#### [Working data]
════

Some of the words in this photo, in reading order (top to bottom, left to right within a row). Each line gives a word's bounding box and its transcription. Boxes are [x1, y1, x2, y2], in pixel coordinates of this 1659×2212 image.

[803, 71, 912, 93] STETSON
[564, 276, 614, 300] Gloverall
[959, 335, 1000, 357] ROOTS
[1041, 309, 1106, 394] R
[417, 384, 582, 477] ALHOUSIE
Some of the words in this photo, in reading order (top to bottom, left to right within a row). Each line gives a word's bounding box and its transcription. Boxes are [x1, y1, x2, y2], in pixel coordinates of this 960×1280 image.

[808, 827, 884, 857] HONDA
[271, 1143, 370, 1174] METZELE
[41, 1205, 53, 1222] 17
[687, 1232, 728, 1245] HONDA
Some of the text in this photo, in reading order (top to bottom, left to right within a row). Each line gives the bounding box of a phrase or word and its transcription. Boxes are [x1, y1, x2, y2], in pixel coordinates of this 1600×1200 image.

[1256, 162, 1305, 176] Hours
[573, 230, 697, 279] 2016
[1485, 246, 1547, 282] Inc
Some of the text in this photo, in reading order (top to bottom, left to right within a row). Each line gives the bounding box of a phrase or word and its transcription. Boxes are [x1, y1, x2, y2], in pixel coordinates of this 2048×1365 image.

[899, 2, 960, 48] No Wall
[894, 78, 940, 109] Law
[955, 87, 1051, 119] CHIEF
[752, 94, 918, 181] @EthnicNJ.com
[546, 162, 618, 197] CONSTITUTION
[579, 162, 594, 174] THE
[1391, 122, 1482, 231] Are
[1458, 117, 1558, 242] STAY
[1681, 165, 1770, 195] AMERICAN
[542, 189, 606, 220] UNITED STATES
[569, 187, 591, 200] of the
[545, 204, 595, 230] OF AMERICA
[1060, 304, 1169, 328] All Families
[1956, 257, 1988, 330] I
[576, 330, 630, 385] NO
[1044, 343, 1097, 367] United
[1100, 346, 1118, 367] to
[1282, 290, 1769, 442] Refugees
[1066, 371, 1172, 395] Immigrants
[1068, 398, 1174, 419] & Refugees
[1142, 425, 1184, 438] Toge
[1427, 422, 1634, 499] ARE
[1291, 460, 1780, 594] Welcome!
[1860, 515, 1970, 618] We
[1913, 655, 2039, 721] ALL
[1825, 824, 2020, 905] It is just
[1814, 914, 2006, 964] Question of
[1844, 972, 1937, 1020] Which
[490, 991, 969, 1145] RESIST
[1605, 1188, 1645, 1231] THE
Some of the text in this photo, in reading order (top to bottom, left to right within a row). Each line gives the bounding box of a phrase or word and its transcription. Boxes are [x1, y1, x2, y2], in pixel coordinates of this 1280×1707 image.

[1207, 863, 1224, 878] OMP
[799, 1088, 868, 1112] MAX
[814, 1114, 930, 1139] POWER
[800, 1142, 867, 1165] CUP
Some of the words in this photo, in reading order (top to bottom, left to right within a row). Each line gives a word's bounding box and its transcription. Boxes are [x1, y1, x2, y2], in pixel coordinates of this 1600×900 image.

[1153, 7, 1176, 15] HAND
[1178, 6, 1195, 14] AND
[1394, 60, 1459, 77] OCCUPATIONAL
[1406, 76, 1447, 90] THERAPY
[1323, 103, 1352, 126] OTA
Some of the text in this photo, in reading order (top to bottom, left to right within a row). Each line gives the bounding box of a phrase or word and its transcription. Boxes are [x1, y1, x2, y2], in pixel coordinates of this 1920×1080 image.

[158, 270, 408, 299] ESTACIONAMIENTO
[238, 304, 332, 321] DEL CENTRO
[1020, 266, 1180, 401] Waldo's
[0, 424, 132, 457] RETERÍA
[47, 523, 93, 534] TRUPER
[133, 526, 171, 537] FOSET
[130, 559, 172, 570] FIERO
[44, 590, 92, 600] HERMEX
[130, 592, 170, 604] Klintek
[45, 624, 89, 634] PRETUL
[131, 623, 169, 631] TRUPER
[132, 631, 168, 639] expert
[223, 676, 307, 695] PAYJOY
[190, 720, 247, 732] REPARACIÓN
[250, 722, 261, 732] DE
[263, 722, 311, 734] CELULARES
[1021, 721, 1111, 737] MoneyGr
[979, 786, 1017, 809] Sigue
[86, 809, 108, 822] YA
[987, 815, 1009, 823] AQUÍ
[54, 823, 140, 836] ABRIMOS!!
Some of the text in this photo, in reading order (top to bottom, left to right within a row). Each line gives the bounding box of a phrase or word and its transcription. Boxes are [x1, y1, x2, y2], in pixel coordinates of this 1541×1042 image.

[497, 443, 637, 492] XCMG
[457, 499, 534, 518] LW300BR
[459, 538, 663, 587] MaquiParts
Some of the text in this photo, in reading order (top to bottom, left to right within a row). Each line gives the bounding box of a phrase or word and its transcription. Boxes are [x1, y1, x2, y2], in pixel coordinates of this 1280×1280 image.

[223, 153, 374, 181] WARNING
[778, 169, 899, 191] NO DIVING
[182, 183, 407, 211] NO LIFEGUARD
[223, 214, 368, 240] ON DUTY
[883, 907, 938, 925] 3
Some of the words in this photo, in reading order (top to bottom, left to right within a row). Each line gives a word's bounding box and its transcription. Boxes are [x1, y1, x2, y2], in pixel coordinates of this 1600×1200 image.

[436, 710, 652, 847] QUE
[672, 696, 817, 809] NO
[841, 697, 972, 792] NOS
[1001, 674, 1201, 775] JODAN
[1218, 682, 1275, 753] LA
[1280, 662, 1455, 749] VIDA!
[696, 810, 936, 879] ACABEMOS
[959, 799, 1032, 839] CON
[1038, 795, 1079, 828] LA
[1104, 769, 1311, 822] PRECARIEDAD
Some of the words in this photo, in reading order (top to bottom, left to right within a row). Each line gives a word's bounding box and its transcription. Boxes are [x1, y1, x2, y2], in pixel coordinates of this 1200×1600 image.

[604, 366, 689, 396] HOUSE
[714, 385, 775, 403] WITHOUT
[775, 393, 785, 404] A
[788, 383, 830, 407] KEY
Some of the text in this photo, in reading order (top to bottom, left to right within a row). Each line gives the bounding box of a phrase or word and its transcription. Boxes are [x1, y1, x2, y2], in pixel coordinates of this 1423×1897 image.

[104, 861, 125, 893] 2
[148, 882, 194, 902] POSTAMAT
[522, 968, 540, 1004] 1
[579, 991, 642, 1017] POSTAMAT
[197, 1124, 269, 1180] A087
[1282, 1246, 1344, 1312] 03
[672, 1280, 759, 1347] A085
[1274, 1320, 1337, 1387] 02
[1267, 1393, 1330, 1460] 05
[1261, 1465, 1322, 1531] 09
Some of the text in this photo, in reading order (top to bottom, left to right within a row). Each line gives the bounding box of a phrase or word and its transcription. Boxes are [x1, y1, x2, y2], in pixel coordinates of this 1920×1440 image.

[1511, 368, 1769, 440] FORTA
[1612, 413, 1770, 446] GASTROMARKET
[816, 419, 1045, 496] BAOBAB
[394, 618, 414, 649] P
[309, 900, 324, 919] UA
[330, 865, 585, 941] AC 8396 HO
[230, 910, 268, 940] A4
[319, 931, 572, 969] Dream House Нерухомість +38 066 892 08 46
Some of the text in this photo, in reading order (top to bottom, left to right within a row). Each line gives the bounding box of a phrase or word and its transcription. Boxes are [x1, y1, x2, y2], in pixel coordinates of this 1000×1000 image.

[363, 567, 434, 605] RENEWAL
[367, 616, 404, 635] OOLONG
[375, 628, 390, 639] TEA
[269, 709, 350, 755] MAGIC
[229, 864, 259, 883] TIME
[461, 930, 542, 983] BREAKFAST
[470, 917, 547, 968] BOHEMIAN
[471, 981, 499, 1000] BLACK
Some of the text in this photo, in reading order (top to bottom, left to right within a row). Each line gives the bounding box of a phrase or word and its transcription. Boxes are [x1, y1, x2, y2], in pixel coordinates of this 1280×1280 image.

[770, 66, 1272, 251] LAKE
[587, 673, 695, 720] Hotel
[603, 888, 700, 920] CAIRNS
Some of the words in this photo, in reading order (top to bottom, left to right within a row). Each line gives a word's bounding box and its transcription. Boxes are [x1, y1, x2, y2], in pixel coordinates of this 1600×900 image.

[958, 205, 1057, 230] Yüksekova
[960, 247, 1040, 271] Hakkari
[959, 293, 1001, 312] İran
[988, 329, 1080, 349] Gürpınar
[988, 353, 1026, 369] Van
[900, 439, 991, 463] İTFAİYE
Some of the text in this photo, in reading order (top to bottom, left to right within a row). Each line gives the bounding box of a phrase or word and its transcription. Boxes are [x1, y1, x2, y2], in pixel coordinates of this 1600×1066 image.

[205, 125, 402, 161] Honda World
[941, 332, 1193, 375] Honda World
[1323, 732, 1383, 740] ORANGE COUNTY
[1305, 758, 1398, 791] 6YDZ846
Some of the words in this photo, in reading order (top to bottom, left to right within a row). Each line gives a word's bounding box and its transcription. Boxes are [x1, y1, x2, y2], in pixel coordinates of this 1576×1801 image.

════

#### [What is being asked]
Quote verbatim the line containing "this 1600×1066 image." and every line after it through the end of the records above.

#### [Your response]
Some of the text in this photo, in reading order (top to bottom, left to right within a row). Each line gives the bounding box of a phrase or word and its transcription. Boxes are [x1, y1, x2, y2], in pixel coordinates of this 1600×1066 image.

[205, 125, 402, 161] Honda World
[941, 332, 1193, 375] Honda World
[1323, 732, 1383, 740] ORANGE COUNTY
[1305, 758, 1398, 791] 6YDZ846
Some of the words in this photo, in reading order (top to bottom, left to right within a row). Each line gives a word's bounding box and its transcription. Boxes are [x1, y1, x2, y2], in pixel coordinates of this 1576×1801 image.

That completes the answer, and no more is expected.